Key Concepts
Matter Pages
The first and last pages of a document
example matter pages from Machine Learning System Design
What are these pages?
Front and back matter sections refer to the first and last pages of a document.
These sections hold the key raw material we’ll feed to the LLM as grounded context for an accurate filename and metadata prediction.

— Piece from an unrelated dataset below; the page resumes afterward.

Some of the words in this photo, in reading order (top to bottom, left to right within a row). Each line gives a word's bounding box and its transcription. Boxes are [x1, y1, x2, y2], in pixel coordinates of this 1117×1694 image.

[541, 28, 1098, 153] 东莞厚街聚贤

We skip the body matter, the middle chunk of the document, as it rarely has the metadata we need.
Front Matter Pages
Commonly found pages in the first pages contain publication details and introductory content:
- Cover - Title, author[s], publisher logo
- Half-title - Title and subtitle only
- Recommended - Other/similar books by the same author[s]/publisher
- Title - Primary source for title and subtitle
- Copyright - Publication year, edition, DOI, LOC, ISBN[s]

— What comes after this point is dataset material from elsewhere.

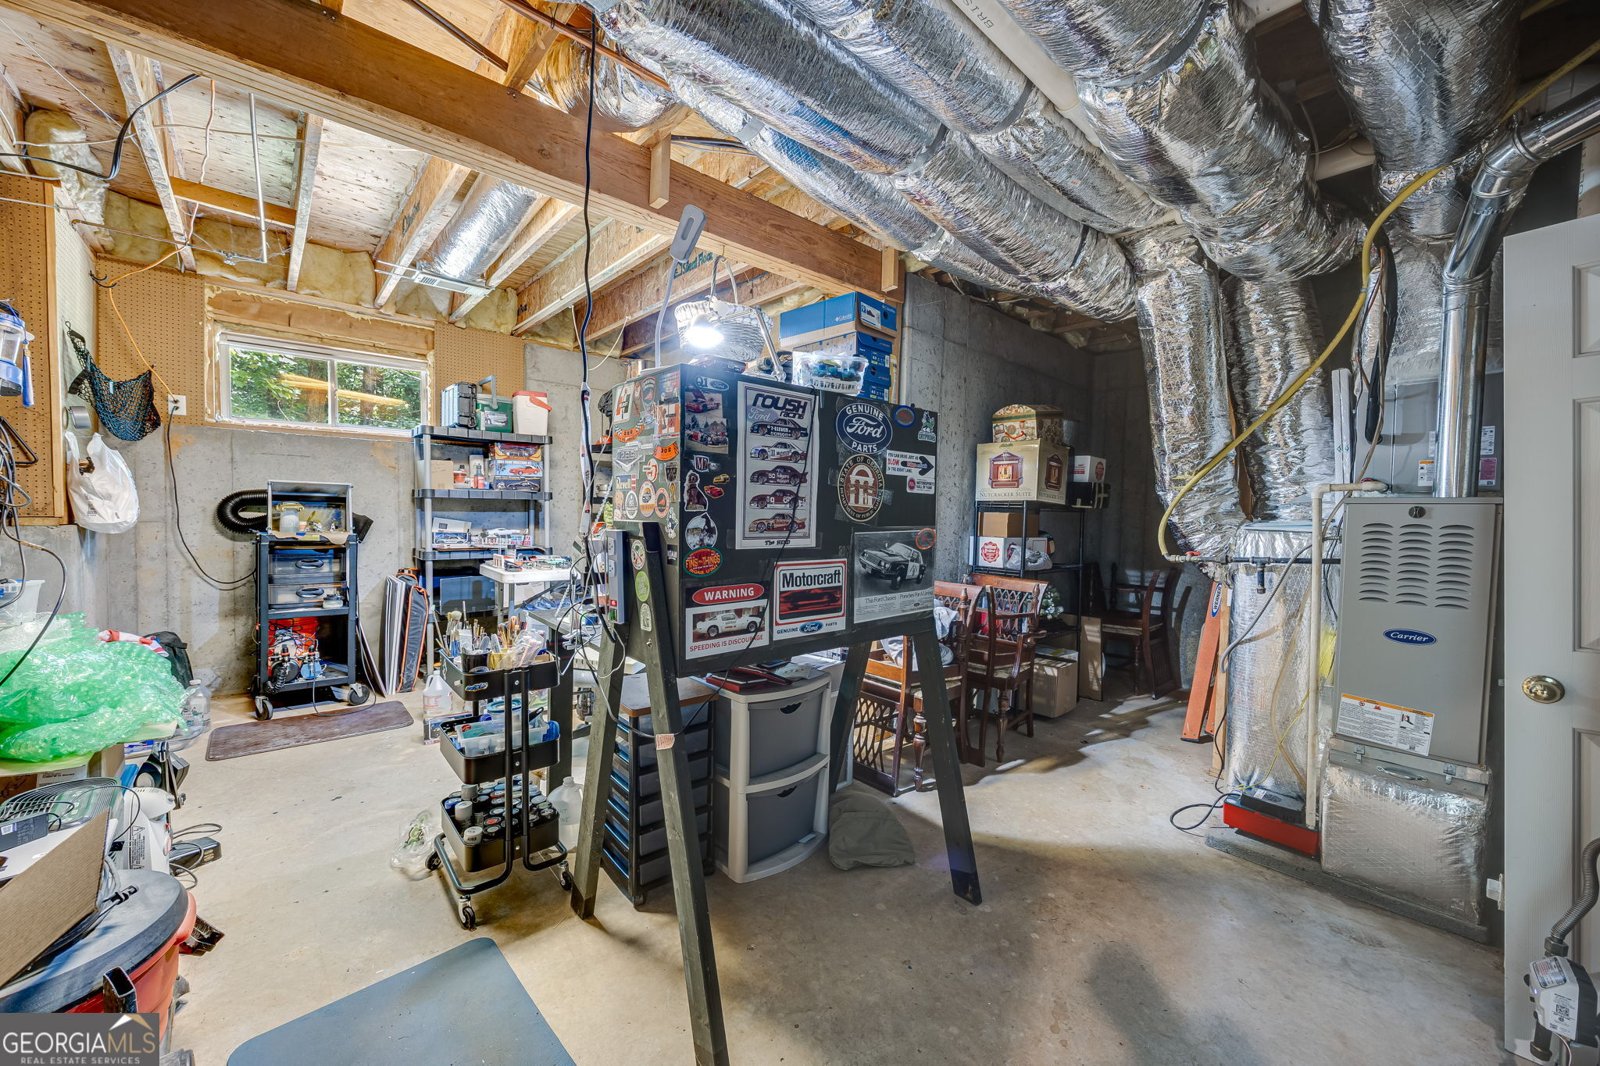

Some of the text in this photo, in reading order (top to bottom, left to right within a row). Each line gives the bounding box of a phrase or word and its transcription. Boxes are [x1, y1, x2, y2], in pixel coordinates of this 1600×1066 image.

- Letter from the author[s]
- Acknowledgements
- Preface
- Table of contents - Document structure and scope
Configurable with the MATTER_CONFIG.front.max_pages setting.
Back Matter Pages
Commonly found pages in the last pages, contain supplementary info:
- Bibliography - References and citations
- Glossary - Key terms and definitions
- Appendices - Additional material and data
- Index/End notes - Subject coverage and annotations
- Author[s] bios - Detailed author[s] information
- Back cover - Marketing copy and additional metadata
Configurable with the MATTER_CONFIG.back.max_pages setting.